Lynn “Buck” Compton died two years ago today, February 25, 2012. Compton’s WWII service was with 2d Platoon, Easy Company, 2d Battalion, 506th Parachute Infantry Regiment (PIR), 101st Airborne Division – known simply as “Band of Brothers” since Stephen Ambrose first chronicled their story in 1992.
Prior to joining Easy Company in England, Lynn “Buck” Compton had been an all-American catcher on the UCLA baseball team and played football for UCLA in the January 1, 1943 Rose Bowl game. (p. 48, Band of Brothers, Ambrose)

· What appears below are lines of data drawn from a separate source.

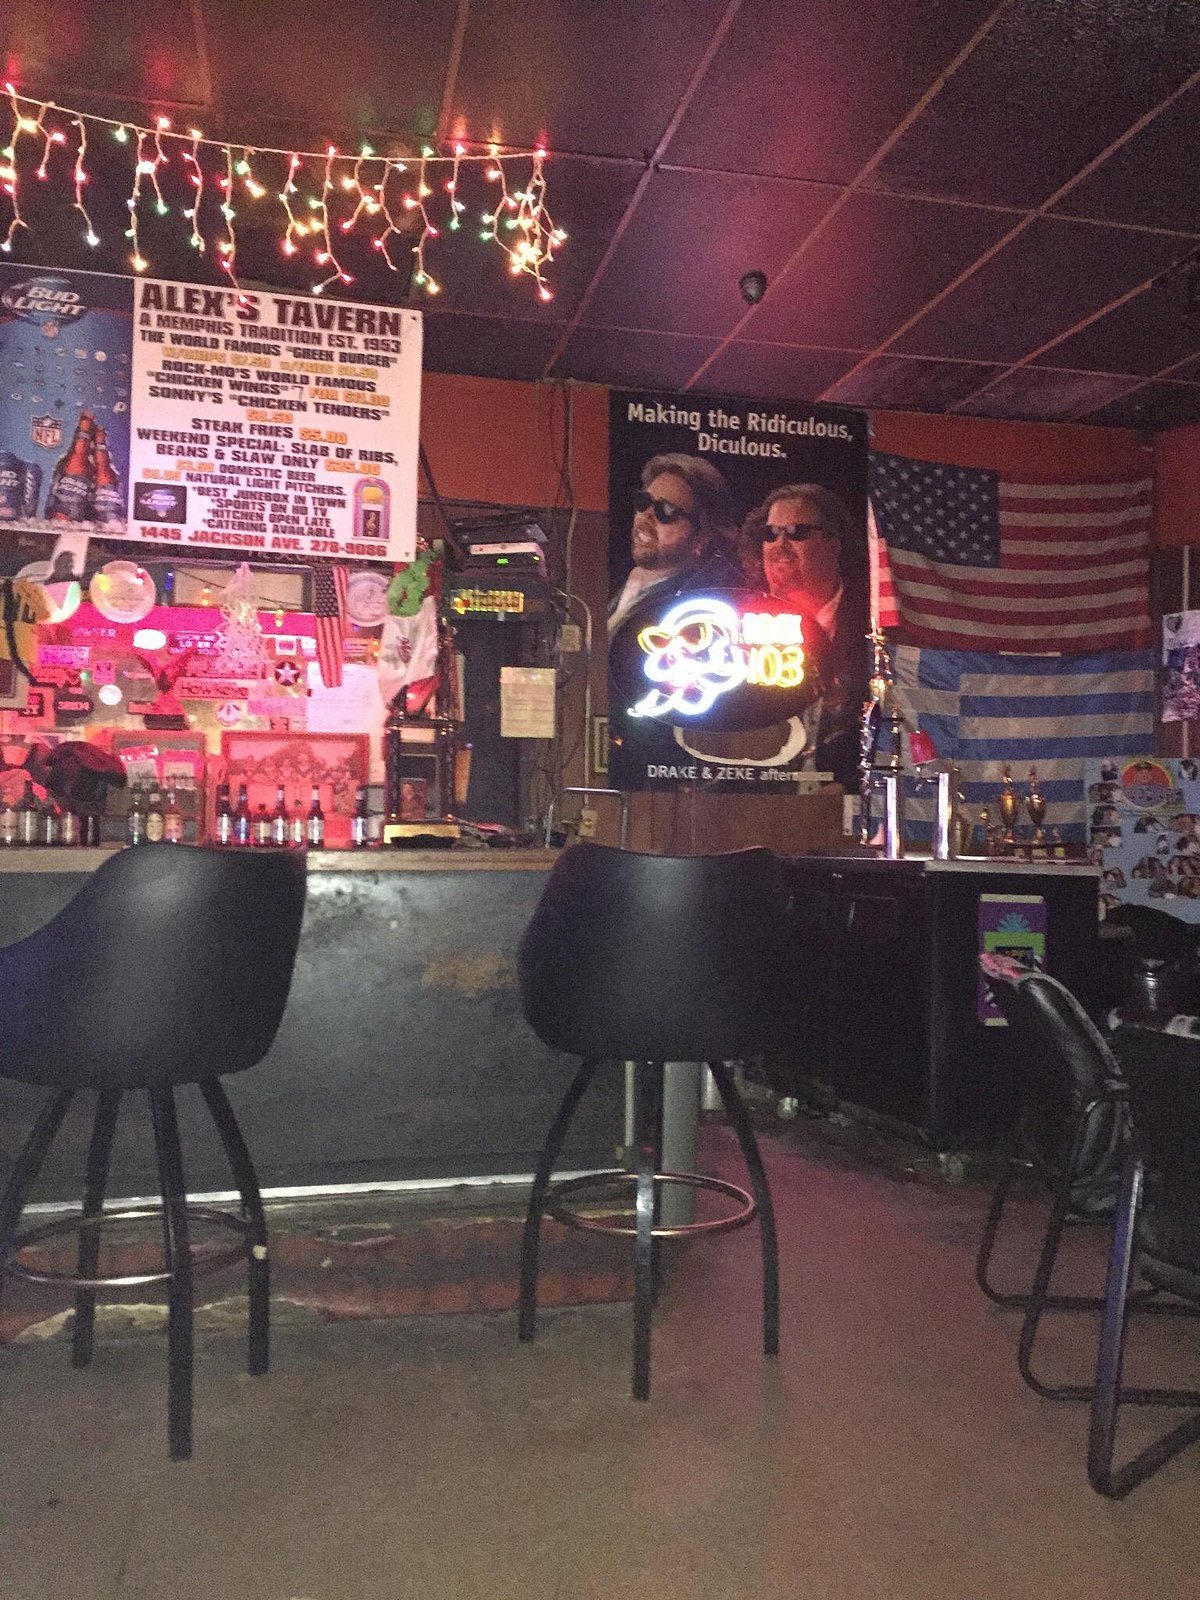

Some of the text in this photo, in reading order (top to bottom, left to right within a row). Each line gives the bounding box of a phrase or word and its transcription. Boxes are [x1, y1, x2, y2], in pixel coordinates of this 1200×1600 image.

[14, 297, 88, 315] LIGHT
[26, 286, 80, 303] BUD
[140, 283, 402, 337] ALEX'S TAVERN
[139, 312, 401, 354] A MEMPHIS TRADITION EST. 1953
[140, 329, 398, 368] THE WORLD FAMOUS "GREEK BURGER"
[146, 371, 223, 389] "CHICKEN
[228, 379, 289, 395] WINGS"
[161, 360, 376, 392] ROCK-MO'S WORLD FAMOUS
[148, 385, 390, 420] SONNY'S "CHICKEN TENDERS"
[191, 418, 243, 434] STEAK
[249, 424, 293, 438] FRIES
[627, 403, 853, 442] Making the Ridiculous,
[136, 428, 399, 466] WEEKEND SPECIAL: SLAB OF RIBS,
[156, 443, 208, 458] BEANS
[214, 449, 225, 460] &
[231, 450, 276, 464] SLAW
[282, 455, 318, 469] ONLY
[697, 432, 788, 459] Diculous.
[185, 472, 241, 486] NATURAL
[246, 478, 280, 490] LIGHT
[285, 481, 347, 496] PITCHERS.
[219, 464, 282, 479] DOMESTIC
[287, 470, 316, 481] BEER
[233, 490, 289, 503] JUKEBOX
[294, 495, 306, 505] IN
[311, 497, 346, 508] TOWN
[270, 503, 287, 513] ON
[292, 505, 308, 515] HD
[313, 507, 328, 517] TV
[269, 513, 300, 525] OPEN
[305, 517, 332, 528] LATE
[272, 524, 335, 538] AVAILABLE
[140, 526, 181, 541] 1445
[188, 531, 265, 547] JACKSON
[271, 537, 304, 550] AVE.
[747, 645, 805, 688] 103
[647, 765, 698, 780] DRAKE
[701, 766, 713, 780] &
[716, 767, 755, 781] ZEKE

A glimpse into the heart of Buck Compton – Do you remember that gripping scene when Easy Company is pinned down in the foxholes above Foy, in Jack’s Woods, when Joe Toye and Bill Guarnere both lose a leg to artillery bombardment? After shouting for medics and getting his men loaded on stretchers, Compton is portrayed sitting down on a log, dropping his helmet onto the snow, and slumping forward, running his hands through his hair in anguish.
He, too, is taken off the front line.
Years later, in their reflections, the E-company men close to Buck expressed that he never adjusted to the rank and rigid structure of the Army, perhaps regarding his men as his teammates rather than himself as their commander. The sight of his friends, his men, the blood red snow of the carnage, dispirited him.

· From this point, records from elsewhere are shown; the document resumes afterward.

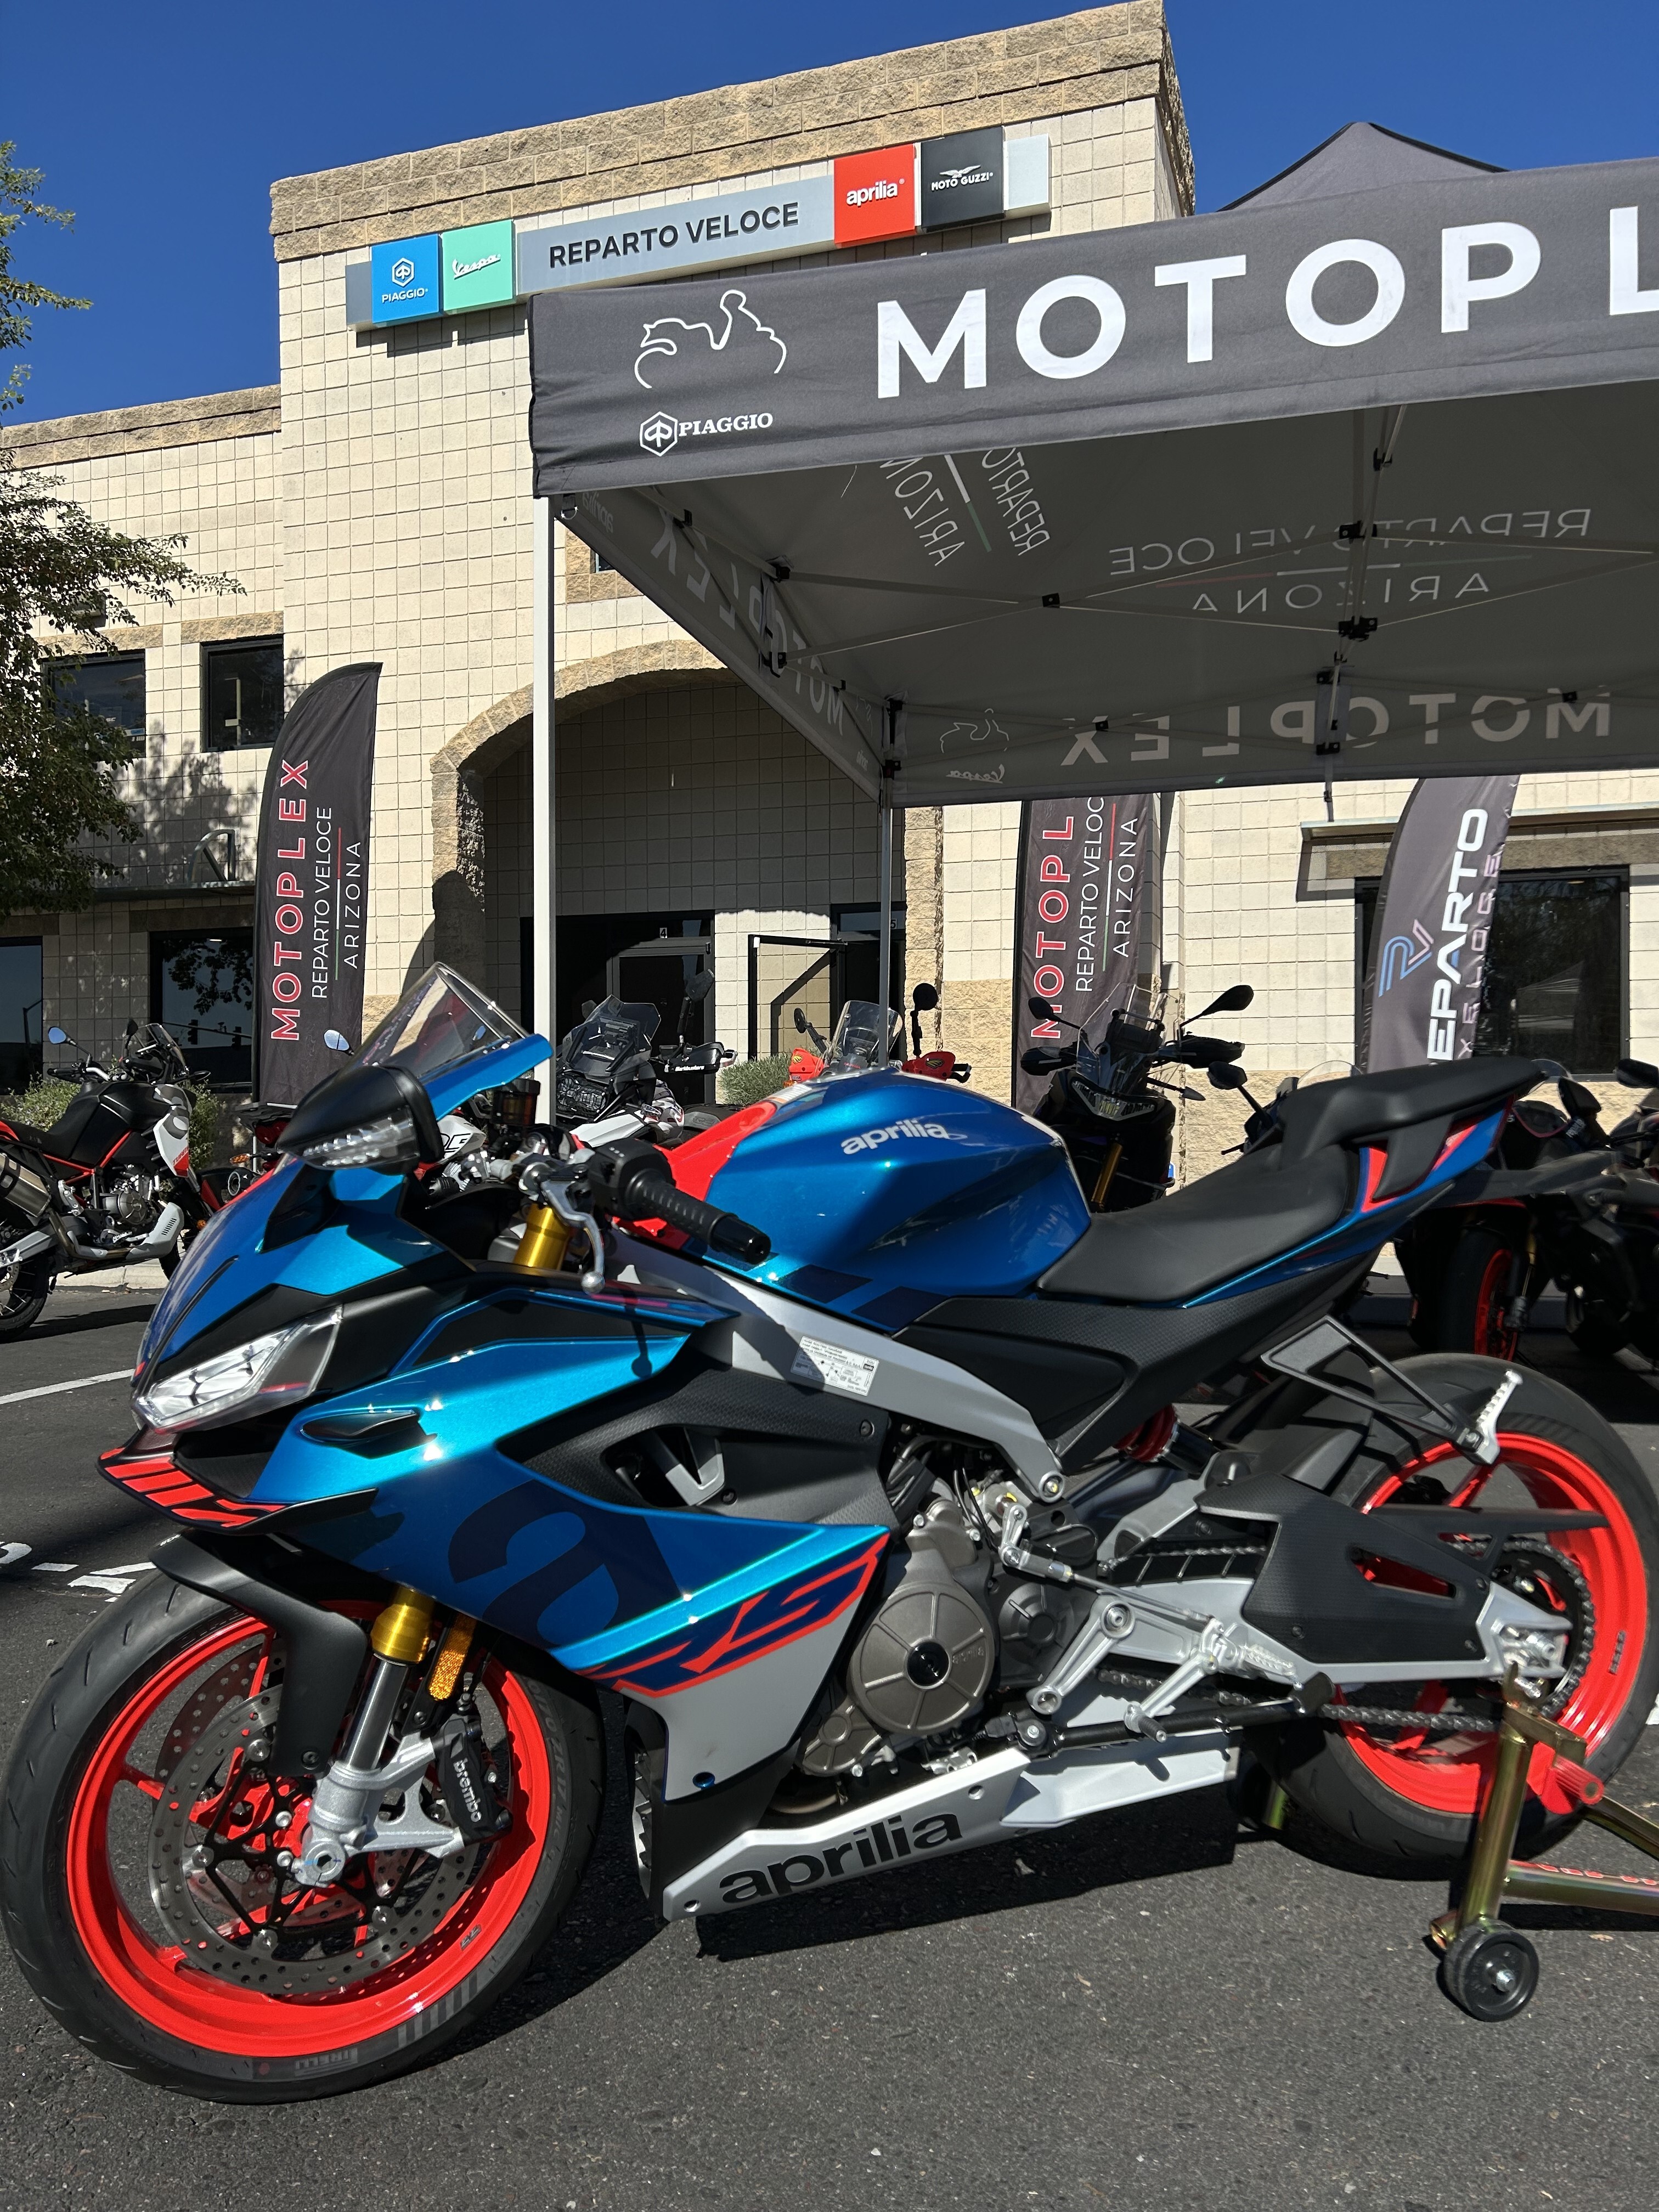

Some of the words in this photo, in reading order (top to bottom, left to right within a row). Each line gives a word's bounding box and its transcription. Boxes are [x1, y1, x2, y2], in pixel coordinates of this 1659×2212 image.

[846, 180, 898, 207] aprilia
[931, 178, 958, 191] MOTO
[961, 172, 989, 185] GUZZI
[452, 255, 500, 280] Vespa
[550, 225, 679, 268] REPARTO
[686, 202, 799, 244] VELOCE
[382, 287, 426, 303] PIAGGIO
[878, 205, 1659, 399] MOTOPL
[678, 412, 773, 437] PIAGGIO
[315, 806, 332, 894] VELOCE
[271, 759, 308, 1041] MOTOPLEX
[343, 841, 361, 969] ARIZONA
[1113, 817, 1138, 957] ARIZONA
[312, 898, 330, 999] REPARTO
[661, 928, 666, 938] 4
[1076, 883, 1099, 992] REPARTO
[840, 1120, 949, 1155] aprilia
[453, 1758, 482, 1822] brembo
[718, 1813, 962, 1906] aprilia

Compton returned to California after the War and, using the GI Bill, completed law school at Loyola University, although his poor academic record at UCLA nearly cost him admission. In 1968, Compton directed the investigation into the assassination of Robert Kennedy and served as the lead prosecutor for the district attorney’s office in the case against Sirhan-Sirhan.

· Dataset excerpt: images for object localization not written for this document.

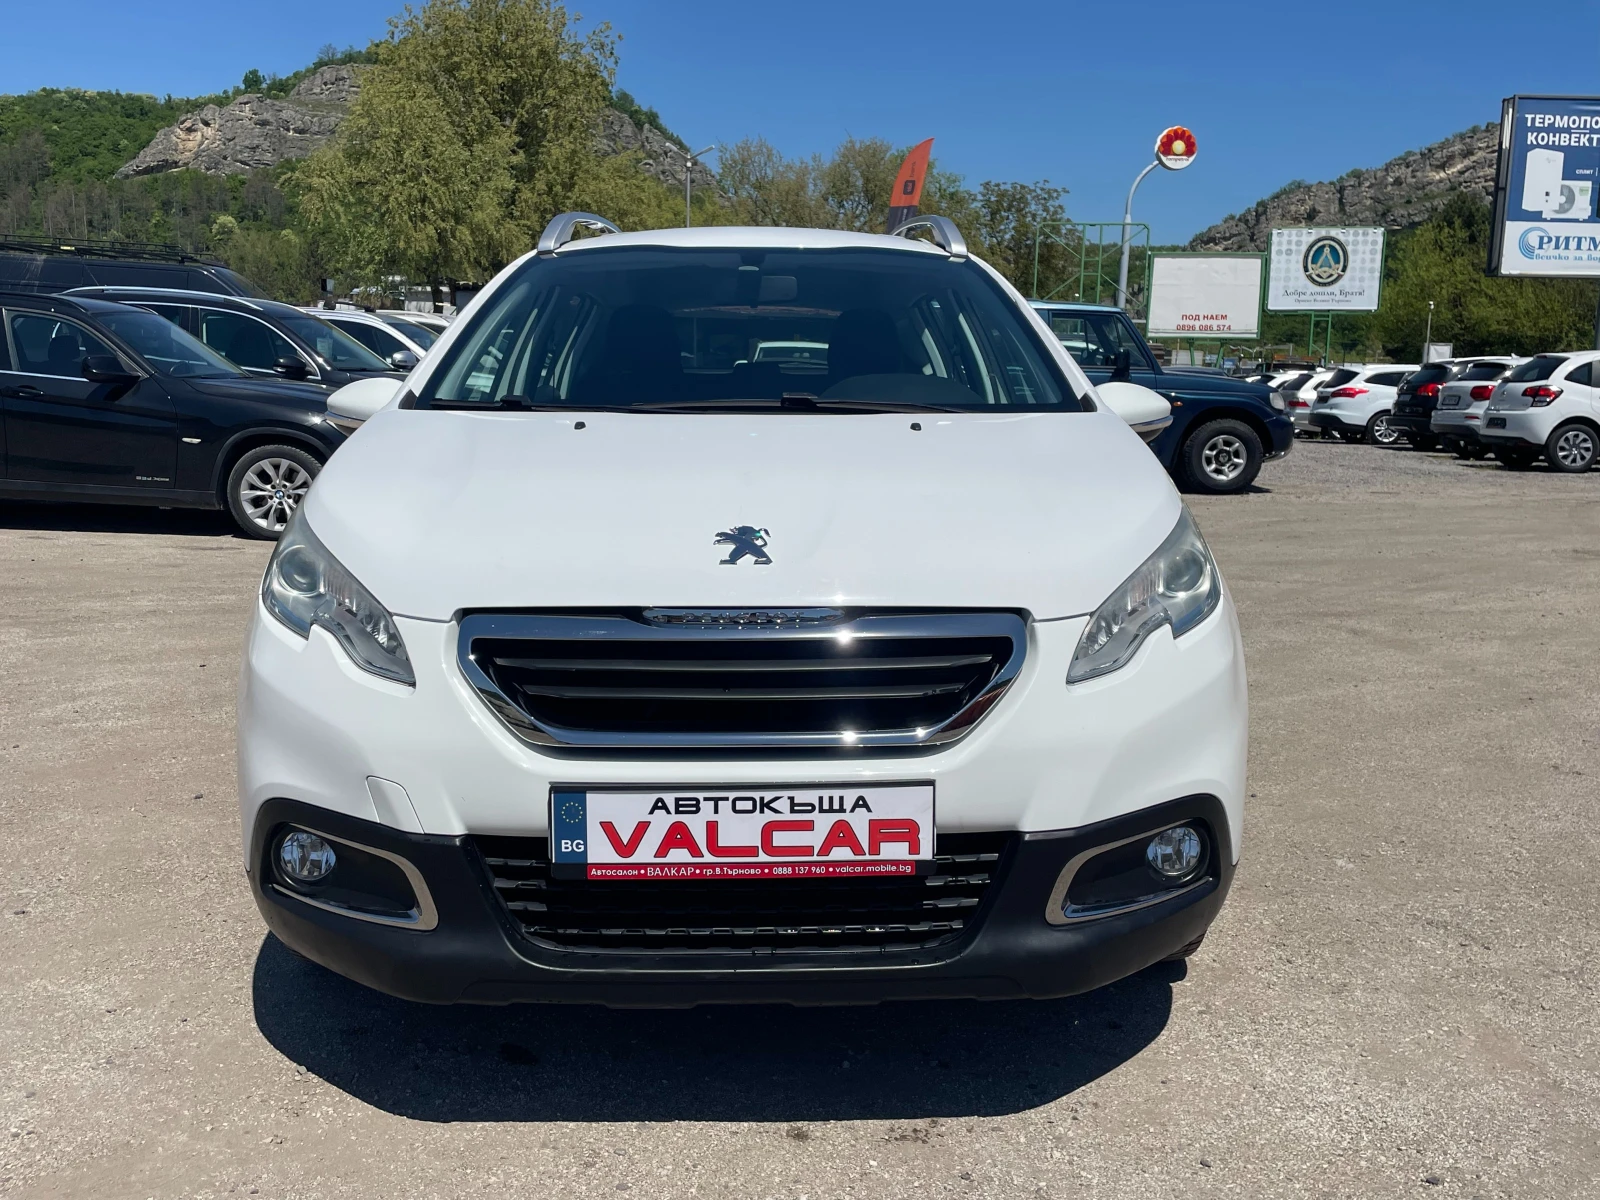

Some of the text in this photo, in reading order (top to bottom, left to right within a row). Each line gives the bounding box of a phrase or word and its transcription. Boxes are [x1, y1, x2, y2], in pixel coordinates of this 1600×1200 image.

[1525, 114, 1600, 129] ТЕРМОПО
[1527, 132, 1600, 147] КОНВЕКТ
[1282, 290, 1307, 298] Добре
[1339, 290, 1365, 298] Братя!
[1181, 314, 1200, 322] ПОД
[648, 795, 873, 815] АВТОКЪЩА
[599, 818, 921, 858] VALCAR
[561, 839, 585, 852] BG
[590, 868, 638, 876] Автосалон
[647, 867, 695, 877] ВАЛКАР
[702, 867, 762, 876] гр.В.Търново
[772, 867, 792, 875] 0888
[811, 866, 826, 874] 960
[835, 864, 912, 873] valcar.mobile.bg

After the astounding success of the series “Band of Brothers” and in his 80’s, Compton frequently made the arduous trip from the West Coast to Reading, PA, to attend WWII Days at the Mid-Atlantic Air Museum, sitting for hours to sign autographs and pose for photos. And he traveled to Hershey, PA, in March 2011 to attend the public memorial service for Major Dick Winters.
Compton’s autobiography Call of Duty is a great read – chronicling his life and his service and how the success of “Band of Brothers” impacted his life.